» EXERCISE OBJECTIVE: Please repeat, without alteration, the line containing "this 2000×1500 image." and every line that follows it to the end of the entries below, and only those lines.

» PROVIDED RECORDS:
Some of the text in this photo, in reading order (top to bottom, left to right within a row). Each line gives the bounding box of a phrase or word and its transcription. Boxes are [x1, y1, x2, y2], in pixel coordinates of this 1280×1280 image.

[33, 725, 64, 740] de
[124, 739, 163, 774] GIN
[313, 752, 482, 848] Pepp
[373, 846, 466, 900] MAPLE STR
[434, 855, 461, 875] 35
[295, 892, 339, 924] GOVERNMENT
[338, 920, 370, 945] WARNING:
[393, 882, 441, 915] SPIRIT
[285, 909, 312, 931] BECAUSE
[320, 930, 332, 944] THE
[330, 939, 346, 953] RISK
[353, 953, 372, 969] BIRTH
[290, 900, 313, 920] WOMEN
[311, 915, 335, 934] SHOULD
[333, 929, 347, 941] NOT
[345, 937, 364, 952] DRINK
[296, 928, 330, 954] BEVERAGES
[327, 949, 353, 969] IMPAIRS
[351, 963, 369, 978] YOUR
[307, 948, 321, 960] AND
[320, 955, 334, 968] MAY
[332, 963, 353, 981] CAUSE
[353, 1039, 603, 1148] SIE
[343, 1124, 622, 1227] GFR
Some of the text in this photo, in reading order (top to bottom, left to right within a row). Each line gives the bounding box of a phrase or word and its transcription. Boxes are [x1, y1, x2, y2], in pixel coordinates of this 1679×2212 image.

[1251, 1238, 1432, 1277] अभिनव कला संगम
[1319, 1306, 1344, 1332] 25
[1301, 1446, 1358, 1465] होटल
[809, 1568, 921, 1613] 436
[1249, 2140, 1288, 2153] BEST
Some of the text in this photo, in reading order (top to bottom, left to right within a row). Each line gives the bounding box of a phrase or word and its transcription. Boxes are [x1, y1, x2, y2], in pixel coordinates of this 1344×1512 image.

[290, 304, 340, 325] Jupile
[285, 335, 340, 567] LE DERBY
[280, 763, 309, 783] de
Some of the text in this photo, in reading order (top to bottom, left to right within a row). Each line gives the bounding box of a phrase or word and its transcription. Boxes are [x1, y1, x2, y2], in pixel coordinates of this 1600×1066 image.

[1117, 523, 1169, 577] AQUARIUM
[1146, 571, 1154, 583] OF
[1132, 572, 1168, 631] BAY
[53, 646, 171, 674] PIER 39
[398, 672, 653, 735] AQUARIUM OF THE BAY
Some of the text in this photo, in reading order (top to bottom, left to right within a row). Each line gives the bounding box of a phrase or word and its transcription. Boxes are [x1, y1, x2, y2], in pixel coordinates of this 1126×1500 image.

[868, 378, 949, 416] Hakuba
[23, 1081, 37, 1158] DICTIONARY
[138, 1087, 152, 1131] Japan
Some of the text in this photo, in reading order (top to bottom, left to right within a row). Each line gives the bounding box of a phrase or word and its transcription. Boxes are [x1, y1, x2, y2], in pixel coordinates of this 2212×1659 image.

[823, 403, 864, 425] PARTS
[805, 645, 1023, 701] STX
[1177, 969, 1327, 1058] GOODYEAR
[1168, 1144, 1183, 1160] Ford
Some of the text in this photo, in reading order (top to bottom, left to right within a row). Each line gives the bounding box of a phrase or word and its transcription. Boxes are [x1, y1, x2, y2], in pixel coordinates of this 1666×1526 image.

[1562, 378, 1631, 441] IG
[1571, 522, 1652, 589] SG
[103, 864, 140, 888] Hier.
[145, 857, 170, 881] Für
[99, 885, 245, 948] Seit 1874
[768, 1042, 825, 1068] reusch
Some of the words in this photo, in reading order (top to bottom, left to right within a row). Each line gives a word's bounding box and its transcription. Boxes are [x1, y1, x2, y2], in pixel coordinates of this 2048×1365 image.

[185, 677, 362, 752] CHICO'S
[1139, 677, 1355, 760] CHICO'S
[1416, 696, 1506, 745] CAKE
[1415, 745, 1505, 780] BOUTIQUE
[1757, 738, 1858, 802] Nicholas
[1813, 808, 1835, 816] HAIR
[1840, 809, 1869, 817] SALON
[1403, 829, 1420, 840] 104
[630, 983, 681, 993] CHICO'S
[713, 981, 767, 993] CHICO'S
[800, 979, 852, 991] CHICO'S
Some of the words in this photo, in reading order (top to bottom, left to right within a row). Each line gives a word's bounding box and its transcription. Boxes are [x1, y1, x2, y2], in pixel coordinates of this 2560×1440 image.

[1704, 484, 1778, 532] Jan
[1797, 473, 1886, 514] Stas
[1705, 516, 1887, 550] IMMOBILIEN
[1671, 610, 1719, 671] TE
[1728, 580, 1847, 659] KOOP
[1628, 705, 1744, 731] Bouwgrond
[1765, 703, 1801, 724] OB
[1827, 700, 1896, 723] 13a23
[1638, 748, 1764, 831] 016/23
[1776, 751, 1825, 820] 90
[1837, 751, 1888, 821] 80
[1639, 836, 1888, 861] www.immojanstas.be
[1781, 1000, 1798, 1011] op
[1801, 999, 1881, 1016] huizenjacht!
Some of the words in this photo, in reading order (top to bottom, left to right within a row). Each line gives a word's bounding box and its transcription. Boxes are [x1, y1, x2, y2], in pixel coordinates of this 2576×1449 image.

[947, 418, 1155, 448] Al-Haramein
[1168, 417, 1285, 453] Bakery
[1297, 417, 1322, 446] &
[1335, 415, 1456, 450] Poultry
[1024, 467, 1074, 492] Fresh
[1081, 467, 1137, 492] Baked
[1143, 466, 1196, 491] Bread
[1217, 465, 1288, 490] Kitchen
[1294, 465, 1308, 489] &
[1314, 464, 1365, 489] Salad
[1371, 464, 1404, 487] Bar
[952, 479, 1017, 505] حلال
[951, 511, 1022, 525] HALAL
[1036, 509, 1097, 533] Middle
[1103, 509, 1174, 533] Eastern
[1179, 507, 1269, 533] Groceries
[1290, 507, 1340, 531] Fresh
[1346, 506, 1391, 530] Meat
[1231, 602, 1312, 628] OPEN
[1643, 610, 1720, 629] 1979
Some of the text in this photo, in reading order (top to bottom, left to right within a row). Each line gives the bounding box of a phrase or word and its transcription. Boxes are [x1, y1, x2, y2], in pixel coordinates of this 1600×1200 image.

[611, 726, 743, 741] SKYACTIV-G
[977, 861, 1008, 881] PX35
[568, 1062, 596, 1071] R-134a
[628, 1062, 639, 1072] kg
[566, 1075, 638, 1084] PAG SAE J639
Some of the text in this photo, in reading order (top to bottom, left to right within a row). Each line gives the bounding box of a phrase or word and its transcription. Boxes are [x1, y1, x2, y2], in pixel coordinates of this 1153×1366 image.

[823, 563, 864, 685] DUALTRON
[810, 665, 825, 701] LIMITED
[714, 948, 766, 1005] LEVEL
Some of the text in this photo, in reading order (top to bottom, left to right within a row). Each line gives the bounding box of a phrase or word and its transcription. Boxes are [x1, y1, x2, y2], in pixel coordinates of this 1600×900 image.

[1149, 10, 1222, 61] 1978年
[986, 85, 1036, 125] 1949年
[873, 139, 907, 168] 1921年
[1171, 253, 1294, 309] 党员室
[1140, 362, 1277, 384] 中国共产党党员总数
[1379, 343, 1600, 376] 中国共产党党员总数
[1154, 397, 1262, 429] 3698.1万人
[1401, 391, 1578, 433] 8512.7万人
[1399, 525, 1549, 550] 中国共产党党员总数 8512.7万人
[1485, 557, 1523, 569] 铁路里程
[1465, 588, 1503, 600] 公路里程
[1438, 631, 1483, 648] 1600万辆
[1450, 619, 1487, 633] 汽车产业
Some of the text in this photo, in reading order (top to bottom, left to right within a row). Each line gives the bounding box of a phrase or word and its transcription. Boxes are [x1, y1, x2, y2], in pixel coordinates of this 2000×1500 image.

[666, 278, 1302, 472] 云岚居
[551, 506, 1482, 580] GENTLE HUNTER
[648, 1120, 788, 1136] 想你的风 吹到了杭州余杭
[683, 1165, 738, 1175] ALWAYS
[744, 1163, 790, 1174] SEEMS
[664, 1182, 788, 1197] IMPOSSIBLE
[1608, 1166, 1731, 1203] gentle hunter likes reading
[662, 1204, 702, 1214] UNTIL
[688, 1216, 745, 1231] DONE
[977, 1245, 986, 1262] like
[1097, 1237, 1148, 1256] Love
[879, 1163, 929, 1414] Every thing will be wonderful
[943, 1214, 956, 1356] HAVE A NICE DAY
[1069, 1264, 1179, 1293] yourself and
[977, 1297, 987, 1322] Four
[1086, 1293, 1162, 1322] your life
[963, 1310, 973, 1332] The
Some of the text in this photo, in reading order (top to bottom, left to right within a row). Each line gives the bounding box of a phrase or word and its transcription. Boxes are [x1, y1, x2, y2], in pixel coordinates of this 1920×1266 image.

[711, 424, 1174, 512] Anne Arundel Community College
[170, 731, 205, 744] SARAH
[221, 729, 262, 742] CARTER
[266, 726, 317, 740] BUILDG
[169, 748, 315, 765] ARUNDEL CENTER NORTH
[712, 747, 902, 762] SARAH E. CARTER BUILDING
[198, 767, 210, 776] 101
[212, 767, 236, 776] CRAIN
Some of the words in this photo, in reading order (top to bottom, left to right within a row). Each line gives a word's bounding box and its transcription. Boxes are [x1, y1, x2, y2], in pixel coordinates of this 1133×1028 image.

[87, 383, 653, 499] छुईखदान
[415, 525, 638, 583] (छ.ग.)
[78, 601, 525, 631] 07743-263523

» SOLUTION:
Some of the text in this photo, in reading order (top to bottom, left to right within a row). Each line gives the bounding box of a phrase or word and its transcription. Boxes are [x1, y1, x2, y2], in pixel coordinates of this 2000×1500 image.

[666, 278, 1302, 472] 云岚居
[551, 506, 1482, 580] GENTLE HUNTER
[648, 1120, 788, 1136] 想你的风 吹到了杭州余杭
[683, 1165, 738, 1175] ALWAYS
[744, 1163, 790, 1174] SEEMS
[664, 1182, 788, 1197] IMPOSSIBLE
[1608, 1166, 1731, 1203] gentle hunter likes reading
[662, 1204, 702, 1214] UNTIL
[688, 1216, 745, 1231] DONE
[977, 1245, 986, 1262] like
[1097, 1237, 1148, 1256] Love
[879, 1163, 929, 1414] Every thing will be wonderful
[943, 1214, 956, 1356] HAVE A NICE DAY
[1069, 1264, 1179, 1293] yourself and
[977, 1297, 987, 1322] Four
[1086, 1293, 1162, 1322] your life
[963, 1310, 973, 1332] The
Some of the text in this photo, in reading order (top to bottom, left to right within a row). Each line gives the bounding box of a phrase or word and its transcription. Boxes are [x1, y1, x2, y2], in pixel coordinates of this 1920×1266 image.

[711, 424, 1174, 512] Anne Arundel Community College
[170, 731, 205, 744] SARAH
[221, 729, 262, 742] CARTER
[266, 726, 317, 740] BUILDG
[169, 748, 315, 765] ARUNDEL CENTER NORTH
[712, 747, 902, 762] SARAH E. CARTER BUILDING
[198, 767, 210, 776] 101
[212, 767, 236, 776] CRAIN
Some of the words in this photo, in reading order (top to bottom, left to right within a row). Each line gives a word's bounding box and its transcription. Boxes are [x1, y1, x2, y2], in pixel coordinates of this 1133×1028 image.

[87, 383, 653, 499] छुईखदान
[415, 525, 638, 583] (छ.ग.)
[78, 601, 525, 631] 07743-263523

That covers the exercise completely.